Sheinbaum se ha apartado de las directrices de Palacio Nacional para prepararse este invierno, que funcionarios del gobierno capitalino ven con gran preocupación. El aceleramiento de contagios superó a finales de noviembre el máximo de ocupación hospitalaria que tres meses antes había mencionado la jefa de Gobierno como el máximo para tomar acciones restrictivas y regresar al semáforo rojo. Demorarse ya ha ocasionado, de manera indirecta, que el número de muertes por encima del pronosticado para este año, se haya elevado en 38%. Y según las estimaciones de las autoridades locales, se va a poner peor.
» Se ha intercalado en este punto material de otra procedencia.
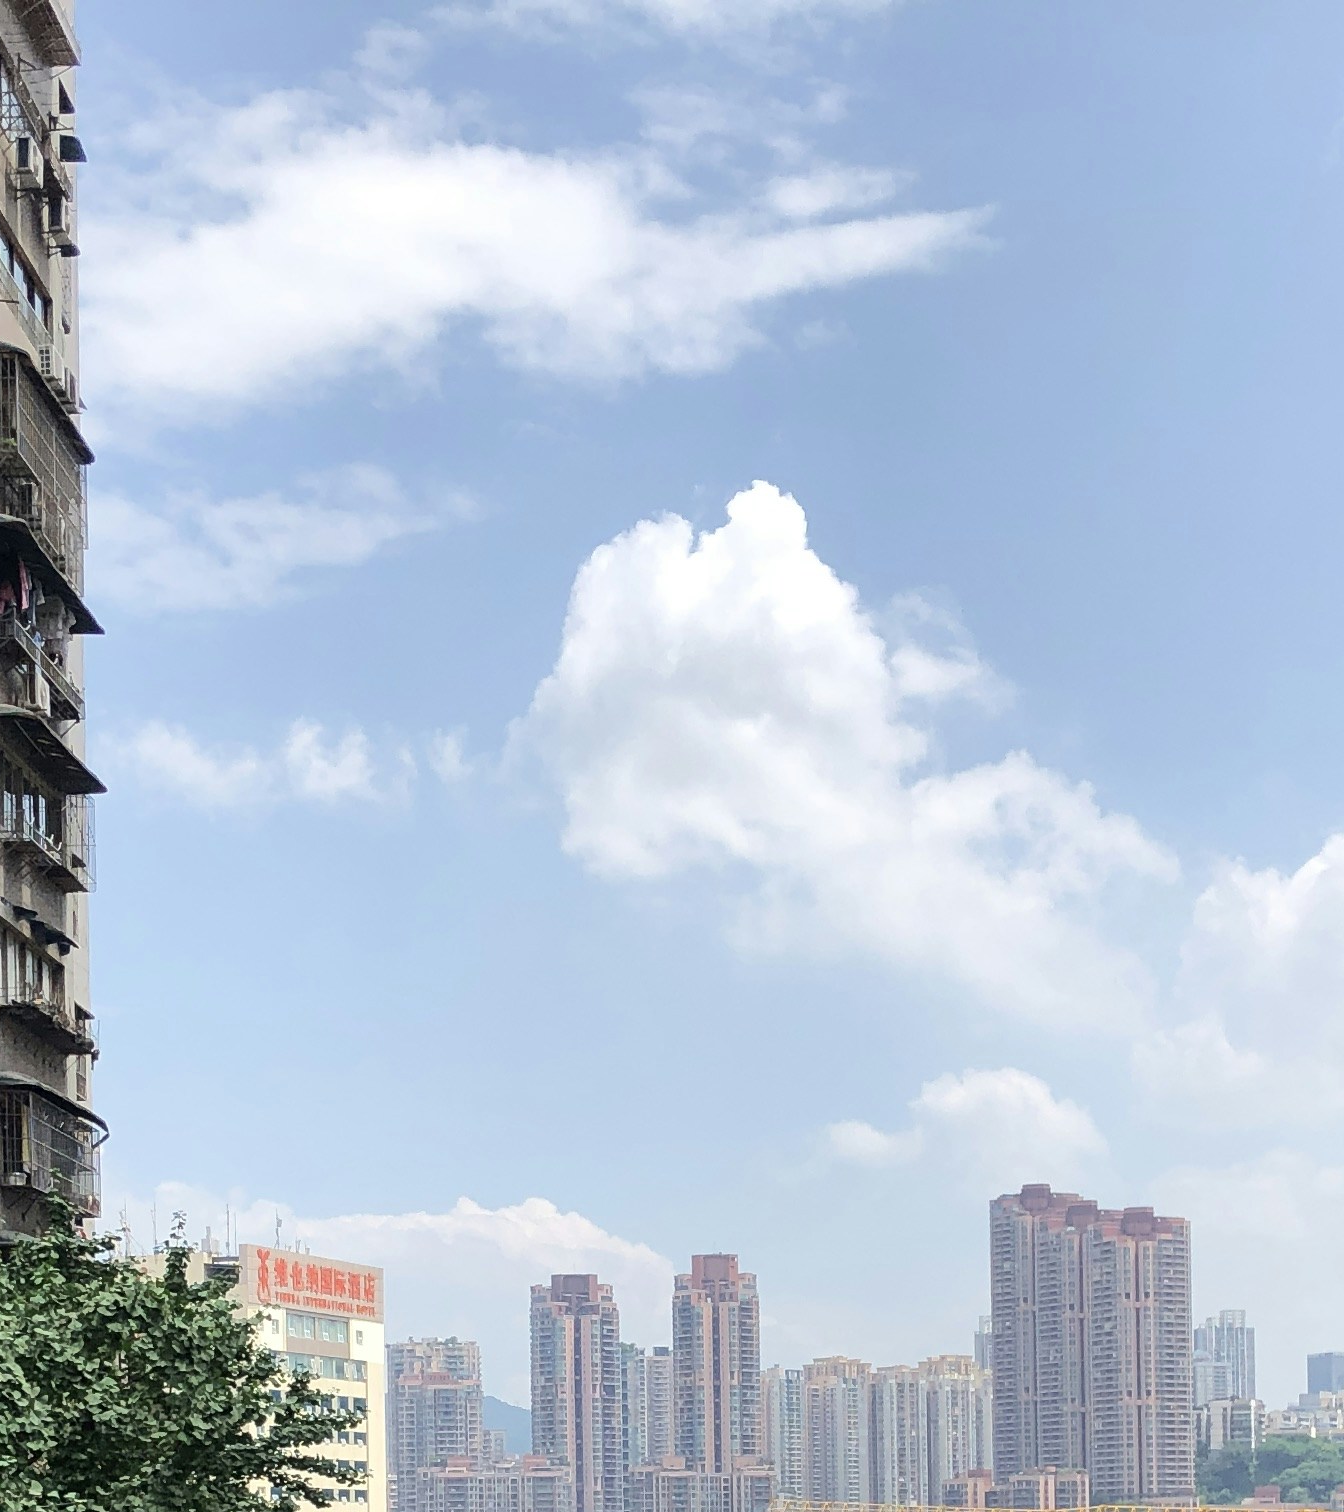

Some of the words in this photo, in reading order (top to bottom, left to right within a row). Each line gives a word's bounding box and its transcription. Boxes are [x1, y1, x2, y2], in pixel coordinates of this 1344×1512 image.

[274, 1257, 375, 1304] 维也纳国际酒店
Las autoridades sanitarias de la Ciudad de México están planeando compras de equipo médico para lo que se avecina en estos dos meses, sin esperar el apoyo del gobierno federal. Igualmente Sheinbaum, más allá de las decisiones que tome el subsecretario de Salud, Hugo López-Gatell, sobre las vacunas, acordó con la Universidad Nacional Autónoma de México una red fría y que los institutos que tienen equipos de alta refrigeración, sean los que reciban las vacunas de Pfizer. No está claro si en paralelo está hablando con el secretario de Relaciones Exteriores, Marcelo Ebrard, que como ella también ha tenido enfrentamientos con López-Gatell, para establecer una logística que le permita trasladar las vacunas del punto de arribo a los súper refrigeradores.
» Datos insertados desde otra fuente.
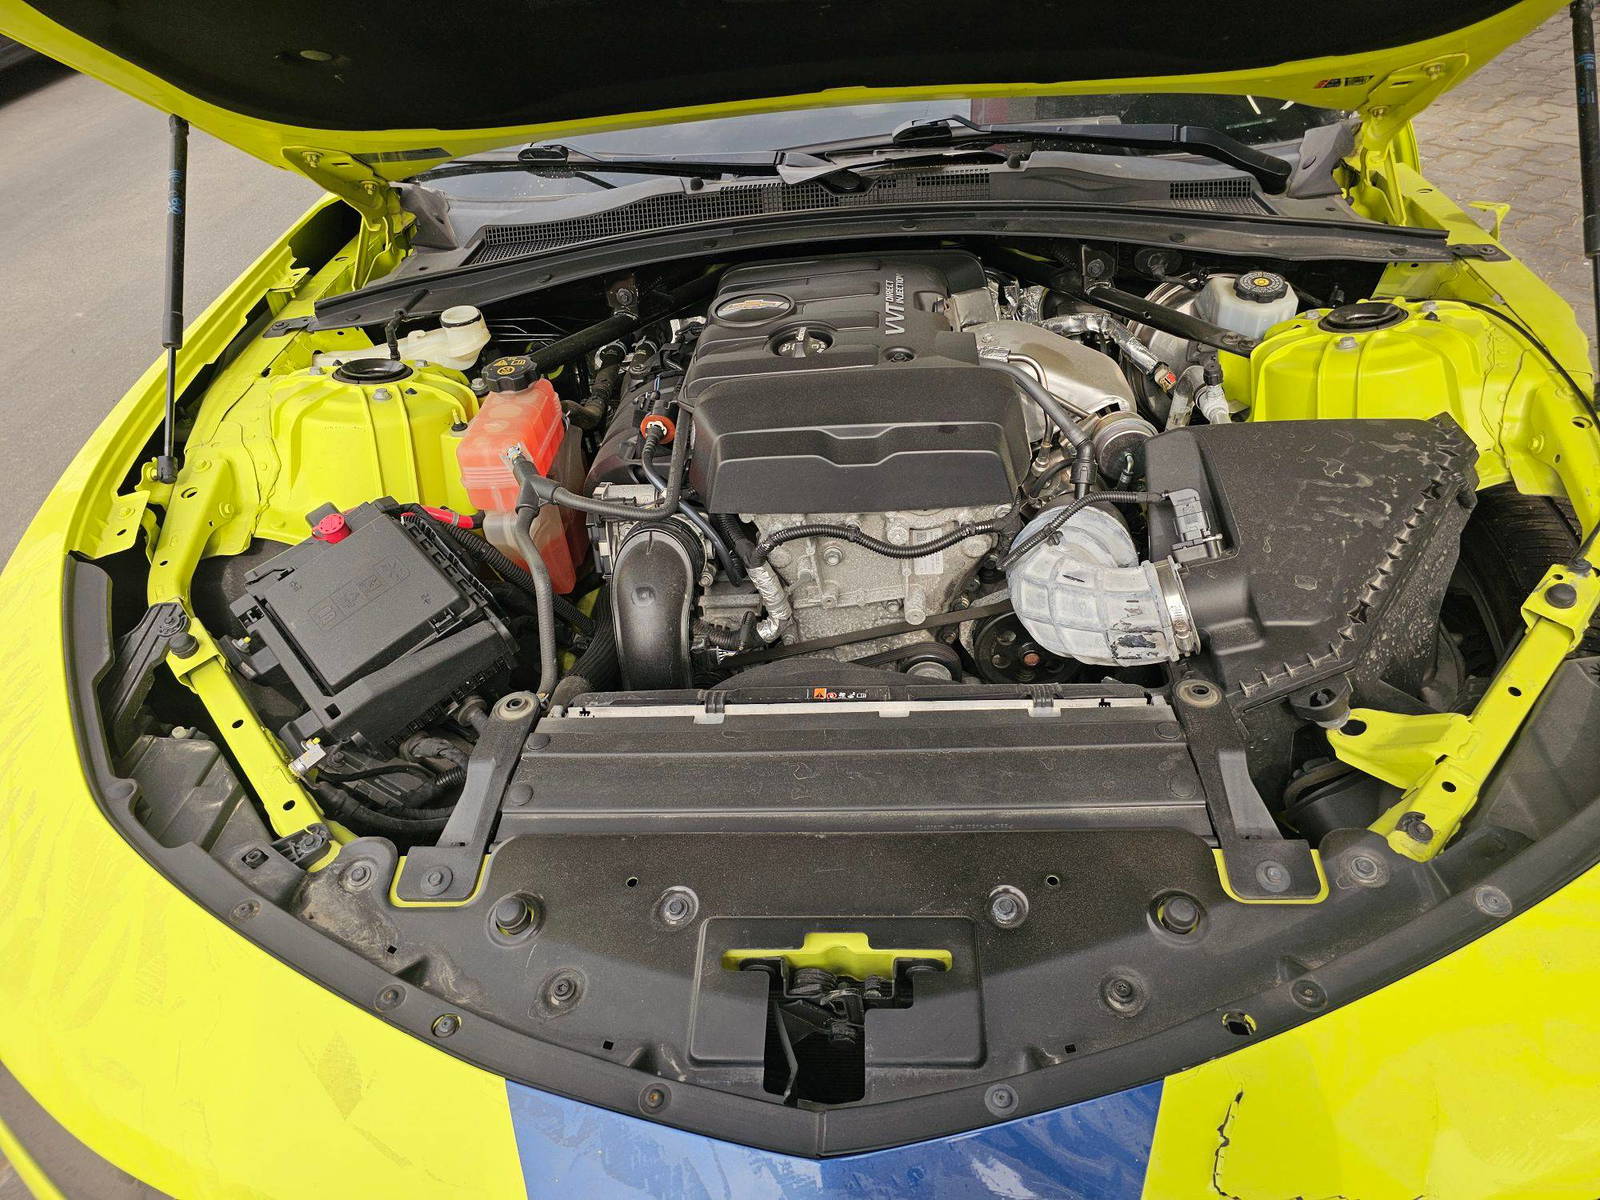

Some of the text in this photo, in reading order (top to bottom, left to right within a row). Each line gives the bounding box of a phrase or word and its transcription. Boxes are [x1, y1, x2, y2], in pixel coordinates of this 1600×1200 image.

[885, 279, 894, 302] DIRECT
[895, 272, 904, 304] INJECTION
[885, 302, 905, 335] VVT
Sheinbaum se ha abocado a la vacuna de Pfizer, que requiere esa red y que fue la primera en solicitar su aprobación en México. Ayer incluso, el secretario de Salud Jorge Alcocer, firmó un convenio con ese laboratorio estadounidense para adquirir 34.4 millones de vacunas. Con ellas, habría dosis para unos 100 millones de mexicanos, muchos de los cuales, según Ebrard, podrían comenzar a recibirlas a finales de este año.
Las acciones que ha emprendido Sheinbaum son las correctas, y políticamente ha salido bien librada con López Obrador porque, al mismo tiempo, ha cedido a la presión de no regresar al semáforo rojo. Sin embargo, no va a poder mantenerse en esa misma posición conciliadora, porque al no levantar la alerta y generar una nueva ola de conciencia entre los capitalinos, la movilidad se mantendrá y no habrá vacuna –si es que realmente comienzan a aplicarse a finales de diciembre–, que impida más contagios y muertes en la capital.
Sheinbaum tiene que reconsiderar el regreso al semáforo rojo lo antes posible, porque se le puede desbordar la ciudad. Los hospitales públicos y privados están regresando a pacientes con Covid. Las medicinas y los insumos ya escasean. López Obrador sigue en la negación total sobre este alto riesgo. La jefa de Gobierno no está sola. Si actúa en consecuencia salvará muchas vidas, aunque se enoje su mentor, el Presidente.